Statt aus Papier besteht die neue Banknote aus Polymer, das länger haltbar und schwieriger zu fälschen ist. Die Banknote mit dem Technikgenie Turing darauf schließt sich damit der Serie der anderen Polymer-Banknoten an – auf der £5-Note ist Politiker Winston Churchill zu sehen, auf der £10-Note Schriftstellerin Jane Austen und auf dem £20-Schein William Turner, einer der bedeutendsten Maler Englands in der Romantik.


Die Wiedergutmachung dauert an

Turing steht als Symbol für Generationen schwuler Männer, denen von ihrer Regierung Unrecht angetan wurde oder die aufgrund ihrer Sexualität für ihre Leistungen nicht die Anerkennung bekamen, die ihnen gebührte. 2014 wurde seine Lebensgeschichte mit Benedict Cumberbatch in der Hauptrolle verfilmt. Der Film The Imitation Game - Ein streng geheimes Leben befasst sich mit Turings Rolle in der Beendigung des zweiten Weltkrieges durch die Entschlüsselung von deutschen Funksprüchen, die mithilfe der Rotor-Chiffirermaschine Enigma codiert wurden.
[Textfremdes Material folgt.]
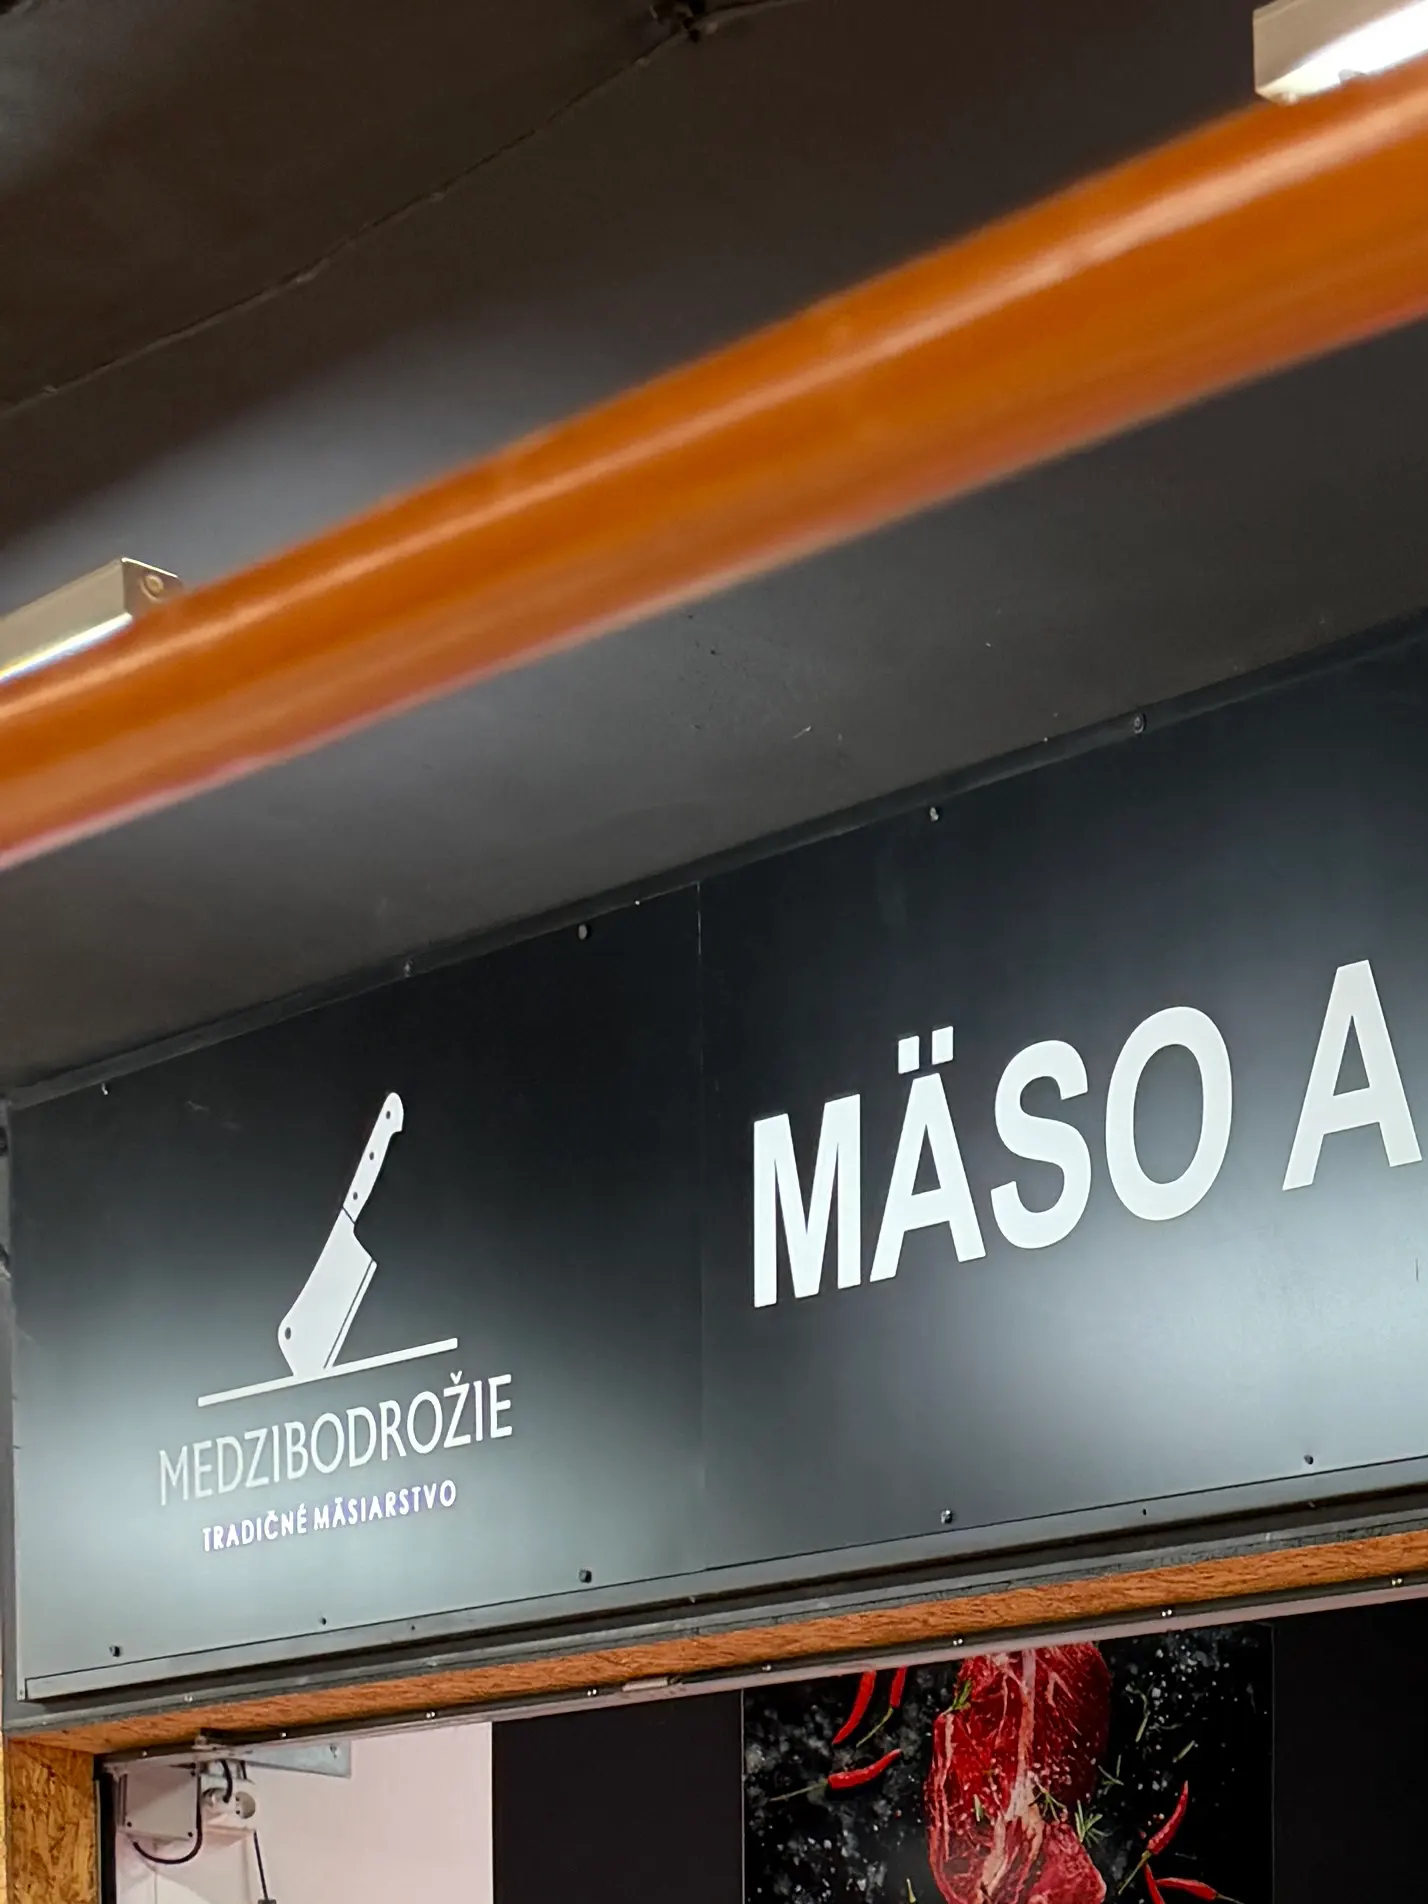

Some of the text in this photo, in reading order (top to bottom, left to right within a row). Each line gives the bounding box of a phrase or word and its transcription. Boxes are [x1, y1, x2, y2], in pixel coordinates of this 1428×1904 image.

Die besondere Tragik in Turings Geschichte liegt in den Jahren nach dem Weltkrieg: Statt Dank und Ehre zu erhalten, wurde Turing von der britischen Regierung verfolgt – weil er homosexuell war. Da Homosexualität damals unter Strafe stand, wurde Turing im März 1952 schließlich vor die Wahl gestellt: Gefängnis oder chemische Kastration. Er wählte die Hormontabletten und nahm sich zwei Jahre später das Leben, vermutlich aufgrund von durch die Tabletten hervorgerufenen Depressionen.

2009 – mehr als 5 Jahrzehnte danach – entschuldigte sich der damalige britische Premierminister Gordon Brown im Namen der Regierung offiziell bei dem verstorbenen Informatiker und würdigte seine Verdienste während des Krieges. Am Heiligabend 2013, sieben Jahre vor Verkündigung des Brexitdeals, sprach Königin Elisabeth II. für Turing eine königliche Begnadigung aus, ein sogenanntes „Royal Pardon“. Doch die Aufarbeitung und Wiedergutmachung ist damit noch nicht abgeschlossen. Erst Ende letzten Jahres wurde Turing eine große Ehre zuteil – wenn auch eine in sozialen Netzwerken stark kritisierte:

Die britische Regierung gab im Rahmen des Brexit-Deals bekannt, dass das Studentenaustauschprogramm Erasmus für die Briten gestrichen und ein geplanter Ersatz nach Alan Turing benannt wird (wir berichteten).